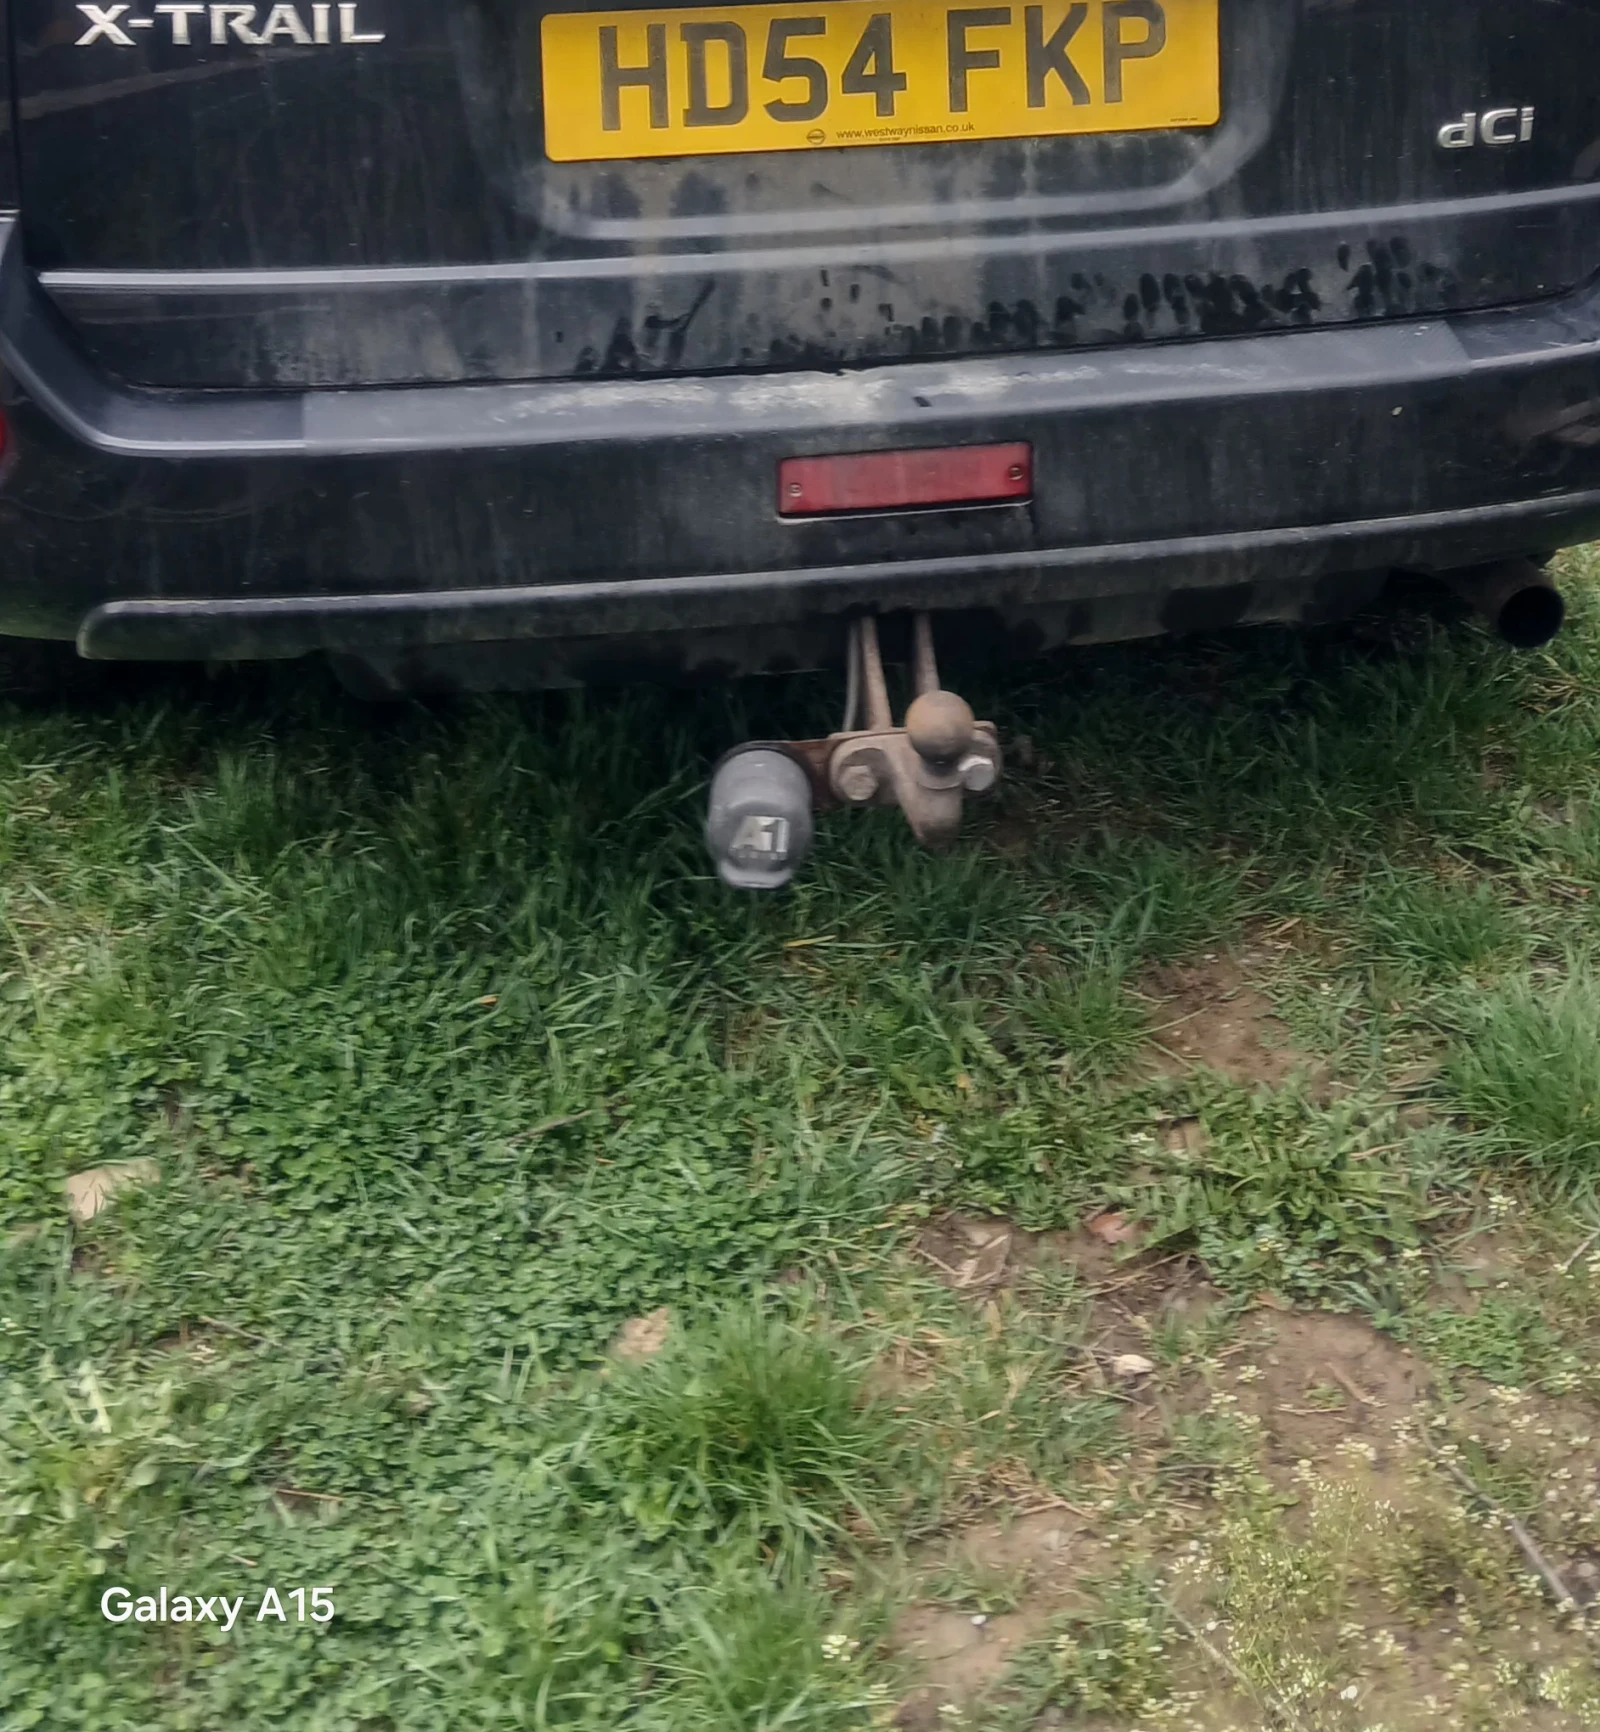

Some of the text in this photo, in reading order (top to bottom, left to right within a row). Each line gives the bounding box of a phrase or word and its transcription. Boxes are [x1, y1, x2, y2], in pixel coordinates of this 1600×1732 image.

[74, 4, 386, 45] X-TRAIL
[600, 1, 1166, 131] HD54 FKP
[836, 122, 975, 139] www.westwaynissan.co.uk
[1437, 107, 1535, 148] dCi
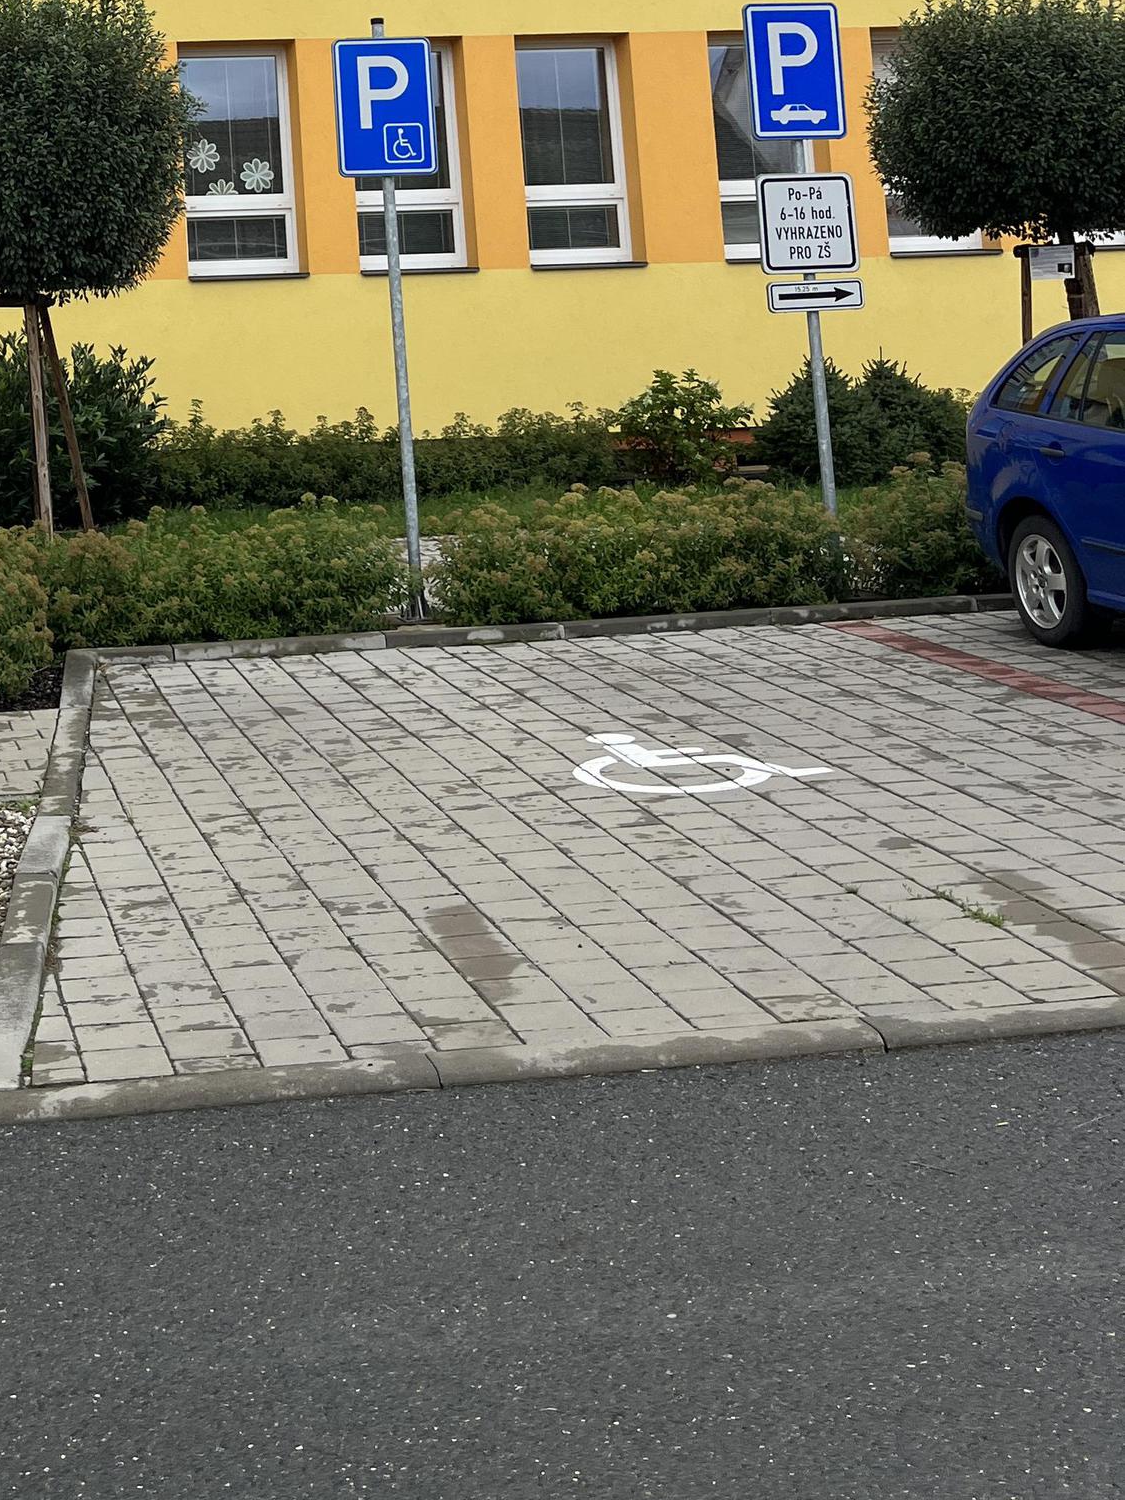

○ ○ ○ ○ ○ ○ ○

| Problem description |
Give the listing above again in its entirety, exactly as written and free of images.

| Your solution |
Some of the text in this photo, in reading order (top to bottom, left to right within a row). Each line gives the bounding box of a phrase or word and its transcription. Boxes are [x1, y1, x2, y2], in pixel coordinates of this 1600×1732 image.

[74, 4, 386, 45] X-TRAIL
[600, 1, 1166, 131] HD54 FKP
[836, 122, 975, 139] www.westwaynissan.co.uk
[1437, 107, 1535, 148] dCi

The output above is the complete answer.